Die Weltkarte im "Global Village" mit den Visitenkarten der internationalen Teilnehmer
Zum exklusiven Gespräch mit Ken Blanchard hatte das ASTD Global Network Germany e.V. die Delegation am zweiten Kongresstag eingeladen. Der Senior der Branche und Autor vieler Bücher zum Situativen Führen, zu Teamerfolg und Kundenorientierung interessierte sich vor allem für Entwicklungsthemen des Exportweltmeisters Deutschland im neuerlichen Aufschwung. Die Resonanz aus dem Teilnehmerkreis: „Der Austausch war sehr offen und hat unsere Aufgabe als Anstoßgeber für Lernen und Entwicklung in sich schnell wandelnden Anforderungen in einen größeren Rahmen gestellt. Das war gut.“ Und: „‚Legends of the Industry’ wie Kirkpatrick und Blanchard zu erleben, gehört einfach dazu.“
Ken Blanchard im exklusiven Gespräch mit der deutschen ASTD-Delegation
"Als exzellenter Entertainer war Marcus Buckingham in der Eröffnung gigantisch“, so eine Teilnehmerin, die vom Inhalt ebenfalls überzeugt war: „Alles, was er sagte, hatte Hand und Fuß.“ Und dass er den Strengthfinder, der auch in Deutschland seine Fans hat, weiter entwickelt und offener gestaltet hat, wurde ebenfalls begrüßt. Die bisher 34 Stärken sind jetzt verdichtet auf die neun Rollen Advisor, Connector, Creator, Equalizer, Influencer, Pioneer, Providor, Stimulator und Teacher. Seine Überzeugung bleibt: Wer seine Stärken erkennt und weiter entwickelt, wird erfolgreicher, als wenn er sich auf seine Schwächen konzentriert und diese abstellen will (was übrigens selten gelingt). Das beinhaltet aus Buckinghams Erfahrung auch die Chance für Organisationen, sich innovativ im Markt zu behaupten. Sein neues Buch „Stand Out. Find Your Edge. Win at Work“, das bereits als Vorab-Auflage auf der Konferenz verkauft wurde, erläutert das Instrument und erscheint regulär im Sommer.
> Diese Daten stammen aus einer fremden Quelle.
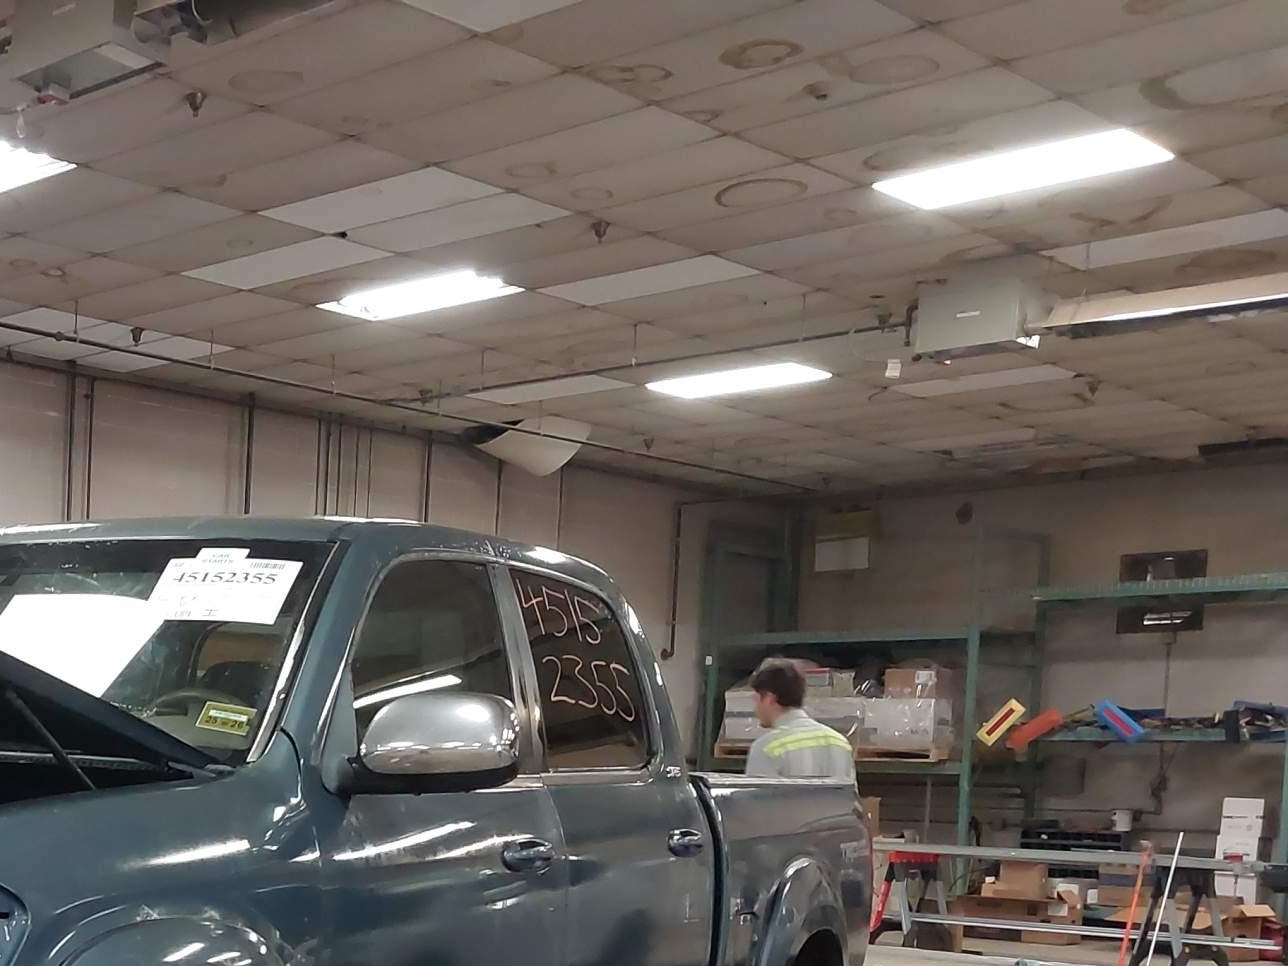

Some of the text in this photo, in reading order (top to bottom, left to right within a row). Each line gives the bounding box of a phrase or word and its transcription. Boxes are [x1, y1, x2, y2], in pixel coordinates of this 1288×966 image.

[172, 571, 279, 585] 45152355
[516, 578, 601, 644] 4515
[542, 654, 636, 722] 2355
Inspirierend und erklärtermaßen hoch beeindruckend war die Abschluss-Session mit John Foley, dem früher führenden Solo-Piloten der Blue Angels, der besten US Navy Fliegerstaffel. Sie repräsentiert ein Prozent der Navy-Piloten, die hoch zuverlässig auf höchstem Niveau und unter hoher Anspannung eine absolute Top Team-Performance liefern müssen, was nur mit exzellentem Engagement, Vertrauen und ebensolcher Disziplin gelingen kann. Auf Basis seiner Erfahrungen bei den Blue Angels hat Foley mit seiner neuen Unternehmensberatung ein Modell entwickelt, um Performance-Lücken zu schließen, Führungsqualitäten zu verbessern und Strategien zu entwickeln. In einem Feuerwerk von dynamischenund Adrenalin-ausschüttenden Videos aus seiner Fliegerzeit veranschaulichte er sein konkretes Modell unter dem Titel „The High Performance Climb“. Er kommt am 28.07.nach München - siehe Hinweis auf -> Home!
Der "harte Kern" nach Abschluss der Konferenz!